Sunday, April 28, 2013

Mike Brodie's Train-Hopping Photographs

Mike Brodie began hitchhiking across the US in 2003 when he was 17. He just released a book of photographs:

A Period of Juvenile Prosperity, by Mike Brodie

From the publisher:
"At 17 Mike Brodie hopped his first train close to his home in Pensacola, FL thinking he would visit a friend in Mobile, AL. Instead the train went in the opposite direction to Jacksonville, FL. Days later, Brodie rode the same train home, arriving back where he started. Nonetheless, it sparked something and Brodie began to wander across the U.S. by any means that were free - walking, hitchhiking and train hopping. Shortly after, Brodie found a Polaroid camera stuffed behind a carseat. With no training in photography, the instant camera was an opening for Brodie to document his experiences.

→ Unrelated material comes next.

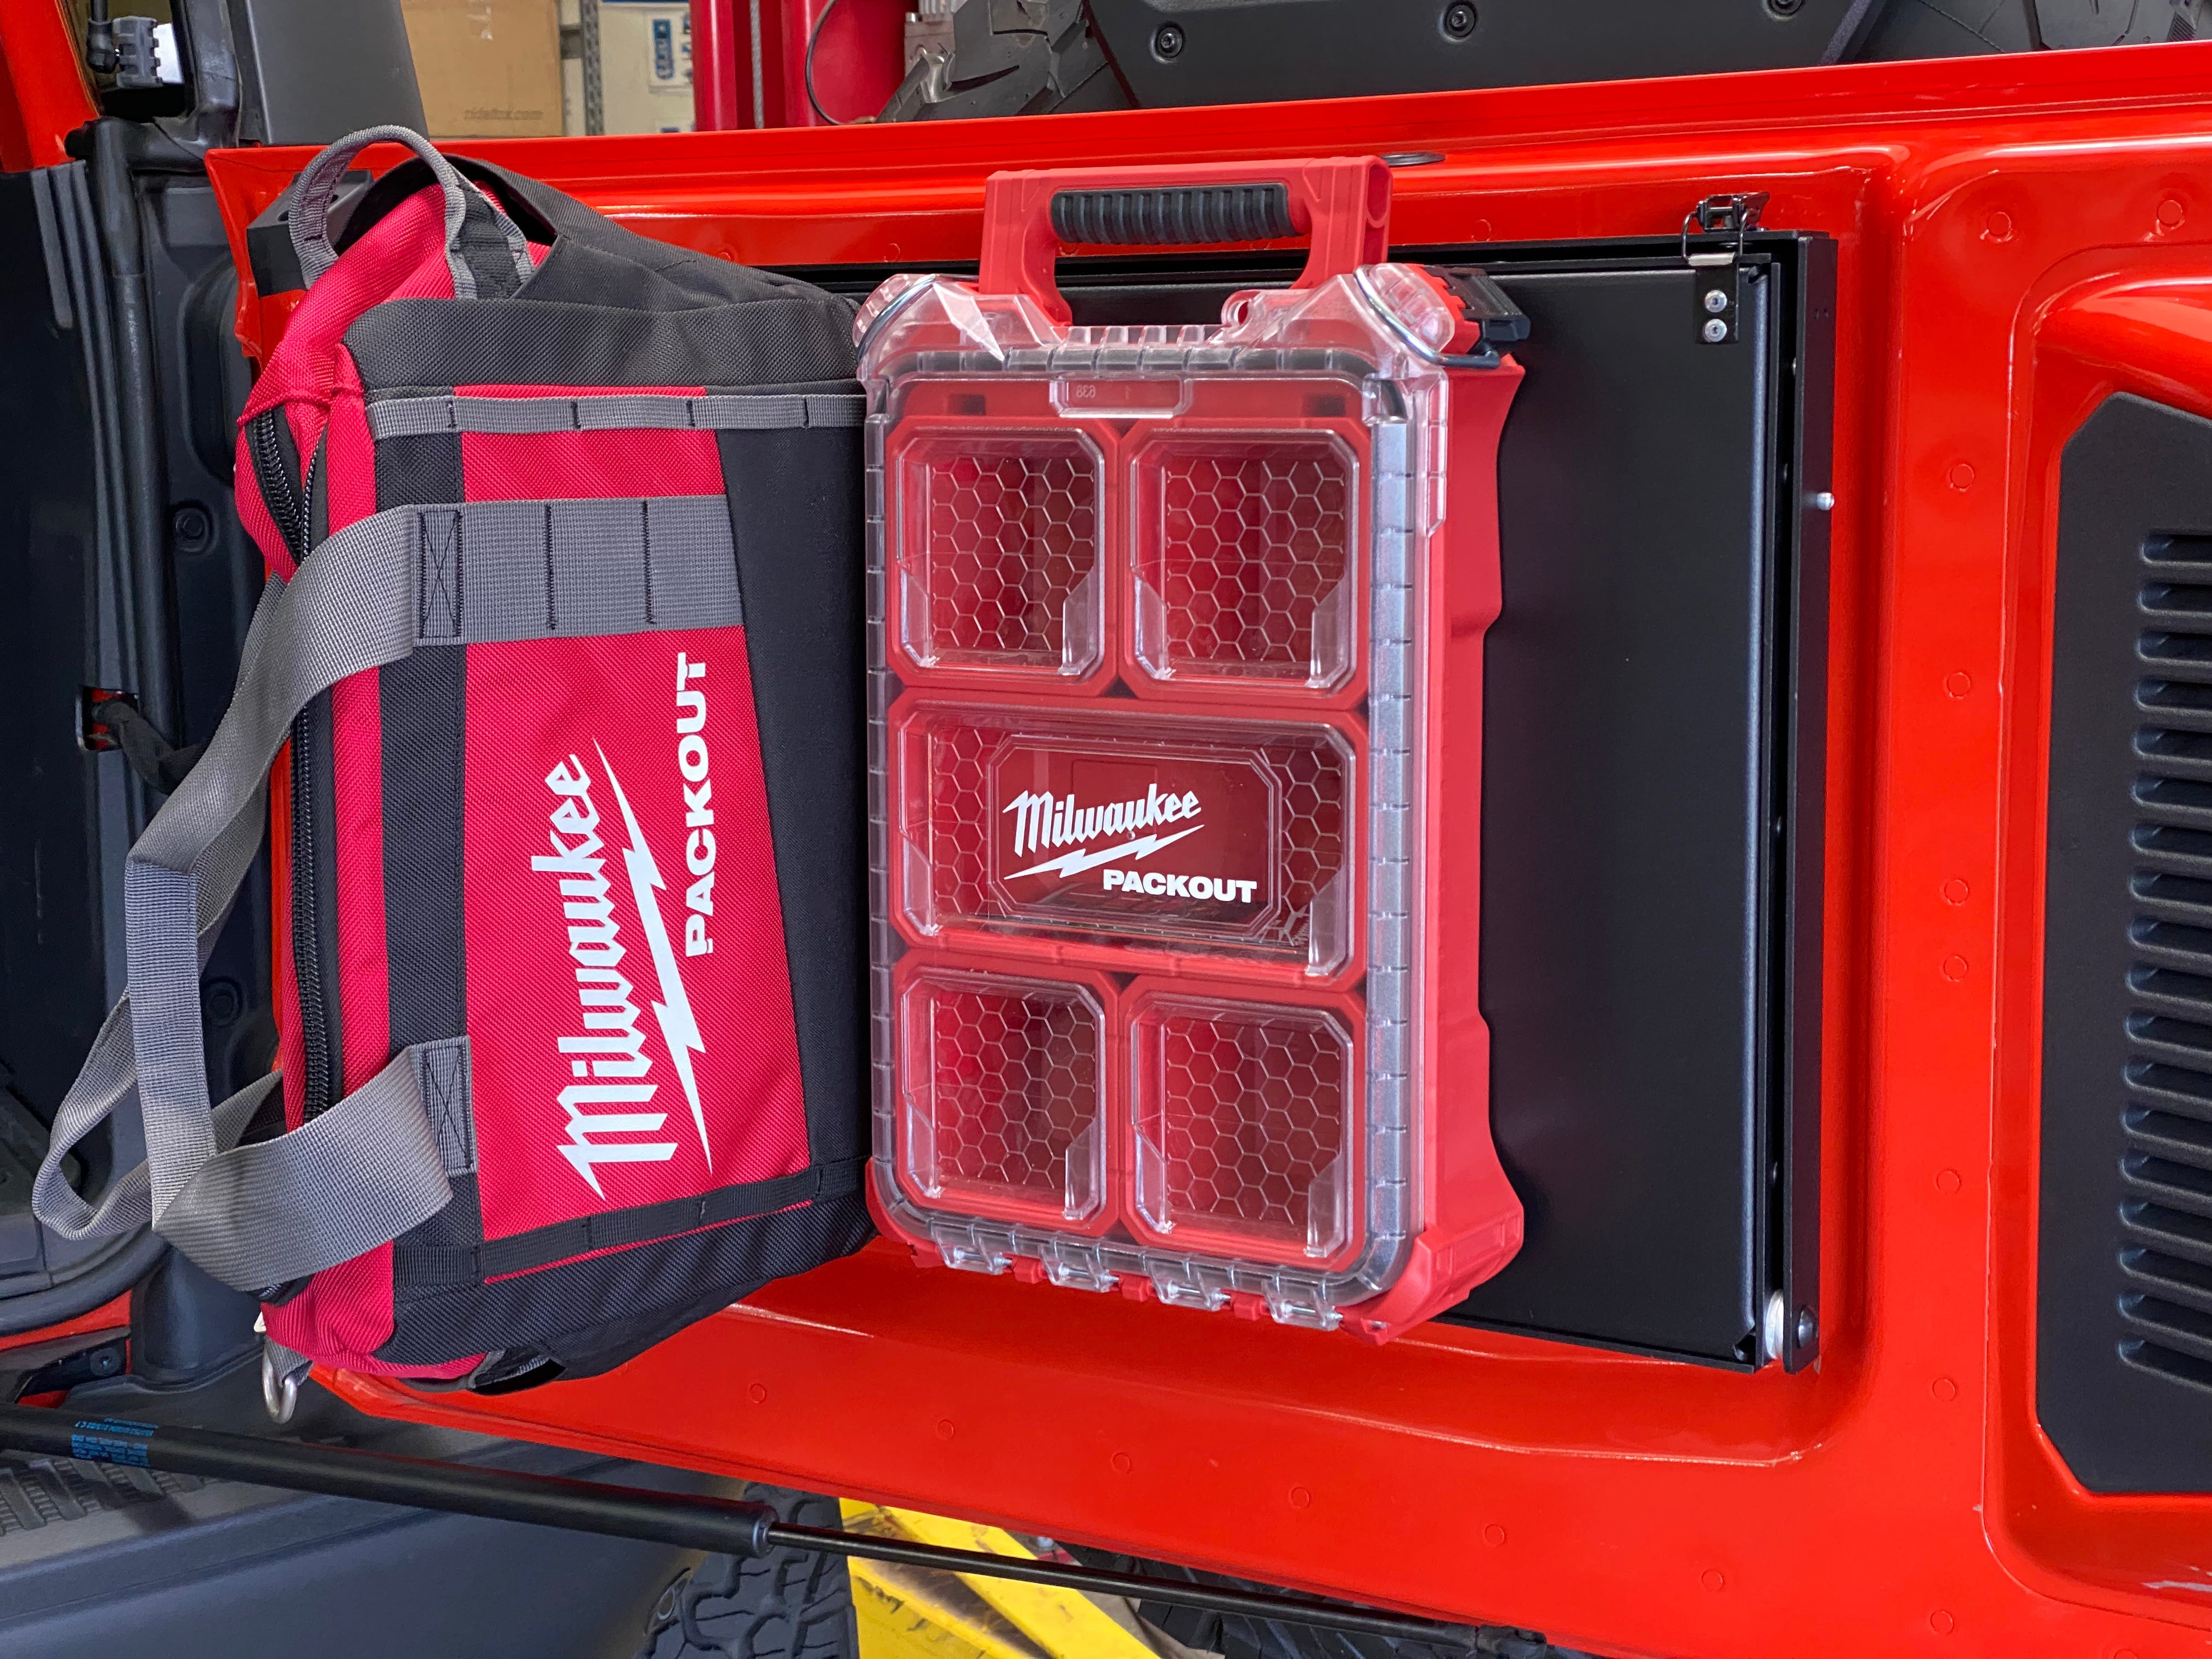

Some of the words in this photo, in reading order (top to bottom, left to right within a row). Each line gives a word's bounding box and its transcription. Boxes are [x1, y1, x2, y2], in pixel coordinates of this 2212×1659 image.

As a way of staying in touch with his transient community, Brodie shared his pictures on various websites gaining the moniker “The Polaroid Kidd” [sic]. When the Polaroid film he used was discontinued, Brodie switched to 35mm film and a sturdy 1980’s camera. Brodie spent years crisscrossing the U.S. amassing a collection, now appreciated as one of the most impressive archives of American travel photography."
He spent 4 years traveling and taking photos then left it all behind to become a diesel mechanic.











Here are some photos tagged #Polaroid Kidd from Tumblr:
The Polaroid Kidd

And his website now:
Mike Brodie Photography

A recent interview with Brodie in the Guardian:
Mike Brodie's freight train photographs: 'It's a romantic life, at least in the spring and summer'

Brodie used a Polaroid SX-70 when he started taking photos, similar to the one shown below. (Although all the photos in his new book were shot with a Nikon F3 35mm camera. It still required film developing.) It's an older Land camera that uses self-developing film. You can see the film cartridge jutting out the front. I remember these cameras. It was fun to watch them develop before your eyes. They were expensive though, costing $180 for the camera and $6.90 for each film pack of ten pictures (in 1973).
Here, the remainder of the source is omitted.